Spatial localization data:
------------

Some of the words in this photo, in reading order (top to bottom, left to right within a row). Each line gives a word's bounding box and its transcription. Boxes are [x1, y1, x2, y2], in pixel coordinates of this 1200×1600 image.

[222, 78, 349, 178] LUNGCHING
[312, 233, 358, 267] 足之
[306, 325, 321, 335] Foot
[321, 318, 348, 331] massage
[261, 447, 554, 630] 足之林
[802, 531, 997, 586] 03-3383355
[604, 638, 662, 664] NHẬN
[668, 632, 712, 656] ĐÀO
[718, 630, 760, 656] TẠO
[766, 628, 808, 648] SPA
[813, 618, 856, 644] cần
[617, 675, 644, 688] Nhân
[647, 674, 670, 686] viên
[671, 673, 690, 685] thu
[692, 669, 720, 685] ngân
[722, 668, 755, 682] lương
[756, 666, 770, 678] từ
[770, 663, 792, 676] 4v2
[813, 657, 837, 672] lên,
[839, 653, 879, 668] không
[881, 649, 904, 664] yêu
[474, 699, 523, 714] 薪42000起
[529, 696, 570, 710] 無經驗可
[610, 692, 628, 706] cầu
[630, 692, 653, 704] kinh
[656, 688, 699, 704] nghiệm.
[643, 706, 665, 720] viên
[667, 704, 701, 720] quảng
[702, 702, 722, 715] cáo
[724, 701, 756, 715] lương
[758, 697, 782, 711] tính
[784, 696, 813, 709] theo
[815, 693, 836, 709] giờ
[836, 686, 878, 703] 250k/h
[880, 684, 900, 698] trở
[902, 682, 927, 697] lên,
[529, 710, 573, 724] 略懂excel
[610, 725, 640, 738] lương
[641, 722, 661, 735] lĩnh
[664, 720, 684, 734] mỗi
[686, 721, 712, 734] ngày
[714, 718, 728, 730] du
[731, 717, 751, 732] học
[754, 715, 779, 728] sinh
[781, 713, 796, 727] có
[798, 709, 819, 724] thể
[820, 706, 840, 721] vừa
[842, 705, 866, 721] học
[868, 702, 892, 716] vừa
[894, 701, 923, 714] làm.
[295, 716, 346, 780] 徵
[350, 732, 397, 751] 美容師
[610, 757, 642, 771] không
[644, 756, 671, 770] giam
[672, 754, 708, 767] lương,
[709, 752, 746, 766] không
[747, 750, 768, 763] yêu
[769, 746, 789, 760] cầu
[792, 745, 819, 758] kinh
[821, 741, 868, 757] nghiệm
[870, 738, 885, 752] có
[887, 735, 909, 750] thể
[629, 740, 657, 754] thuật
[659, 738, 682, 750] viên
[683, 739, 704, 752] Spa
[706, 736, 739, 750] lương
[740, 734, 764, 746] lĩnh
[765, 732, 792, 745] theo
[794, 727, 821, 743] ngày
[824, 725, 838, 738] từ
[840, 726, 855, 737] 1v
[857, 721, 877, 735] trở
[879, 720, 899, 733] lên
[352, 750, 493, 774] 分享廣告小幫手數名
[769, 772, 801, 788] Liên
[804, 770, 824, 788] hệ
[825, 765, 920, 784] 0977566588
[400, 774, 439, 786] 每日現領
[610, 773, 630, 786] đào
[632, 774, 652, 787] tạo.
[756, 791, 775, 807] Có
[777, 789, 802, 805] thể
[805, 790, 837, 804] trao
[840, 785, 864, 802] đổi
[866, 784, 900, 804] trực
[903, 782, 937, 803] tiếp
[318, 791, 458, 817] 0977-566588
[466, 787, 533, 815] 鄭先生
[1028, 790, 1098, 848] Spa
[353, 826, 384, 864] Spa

------------

(What needs to be done): Each record is to be given again in full, exactly as it reads.

(Solution to the problem):
Some of the words in this photo, in reading order (top to bottom, left to right within a row). Each line gives a word's bounding box and its transcription. Boxes are [x1, y1, x2, y2], in pixel coordinates of this 1200×1600 image.

[222, 78, 349, 178] LUNGCHING
[312, 233, 358, 267] 足之
[306, 325, 321, 335] Foot
[321, 318, 348, 331] massage
[261, 447, 554, 630] 足之林
[802, 531, 997, 586] 03-3383355
[604, 638, 662, 664] NHẬN
[668, 632, 712, 656] ĐÀO
[718, 630, 760, 656] TẠO
[766, 628, 808, 648] SPA
[813, 618, 856, 644] cần
[617, 675, 644, 688] Nhân
[647, 674, 670, 686] viên
[671, 673, 690, 685] thu
[692, 669, 720, 685] ngân
[722, 668, 755, 682] lương
[756, 666, 770, 678] từ
[770, 663, 792, 676] 4v2
[813, 657, 837, 672] lên,
[839, 653, 879, 668] không
[881, 649, 904, 664] yêu
[474, 699, 523, 714] 薪42000起
[529, 696, 570, 710] 無經驗可
[610, 692, 628, 706] cầu
[630, 692, 653, 704] kinh
[656, 688, 699, 704] nghiệm.
[643, 706, 665, 720] viên
[667, 704, 701, 720] quảng
[702, 702, 722, 715] cáo
[724, 701, 756, 715] lương
[758, 697, 782, 711] tính
[784, 696, 813, 709] theo
[815, 693, 836, 709] giờ
[836, 686, 878, 703] 250k/h
[880, 684, 900, 698] trở
[902, 682, 927, 697] lên,
[529, 710, 573, 724] 略懂excel
[610, 725, 640, 738] lương
[641, 722, 661, 735] lĩnh
[664, 720, 684, 734] mỗi
[686, 721, 712, 734] ngày
[714, 718, 728, 730] du
[731, 717, 751, 732] học
[754, 715, 779, 728] sinh
[781, 713, 796, 727] có
[798, 709, 819, 724] thể
[820, 706, 840, 721] vừa
[842, 705, 866, 721] học
[868, 702, 892, 716] vừa
[894, 701, 923, 714] làm.
[295, 716, 346, 780] 徵
[350, 732, 397, 751] 美容師
[610, 757, 642, 771] không
[644, 756, 671, 770] giam
[672, 754, 708, 767] lương,
[709, 752, 746, 766] không
[747, 750, 768, 763] yêu
[769, 746, 789, 760] cầu
[792, 745, 819, 758] kinh
[821, 741, 868, 757] nghiệm
[870, 738, 885, 752] có
[887, 735, 909, 750] thể
[629, 740, 657, 754] thuật
[659, 738, 682, 750] viên
[683, 739, 704, 752] Spa
[706, 736, 739, 750] lương
[740, 734, 764, 746] lĩnh
[765, 732, 792, 745] theo
[794, 727, 821, 743] ngày
[824, 725, 838, 738] từ
[840, 726, 855, 737] 1v
[857, 721, 877, 735] trở
[879, 720, 899, 733] lên
[352, 750, 493, 774] 分享廣告小幫手數名
[769, 772, 801, 788] Liên
[804, 770, 824, 788] hệ
[825, 765, 920, 784] 0977566588
[400, 774, 439, 786] 每日現領
[610, 773, 630, 786] đào
[632, 774, 652, 787] tạo.
[756, 791, 775, 807] Có
[777, 789, 802, 805] thể
[805, 790, 837, 804] trao
[840, 785, 864, 802] đổi
[866, 784, 900, 804] trực
[903, 782, 937, 803] tiếp
[318, 791, 458, 817] 0977-566588
[466, 787, 533, 815] 鄭先生
[1028, 790, 1098, 848] Spa
[353, 826, 384, 864] Spa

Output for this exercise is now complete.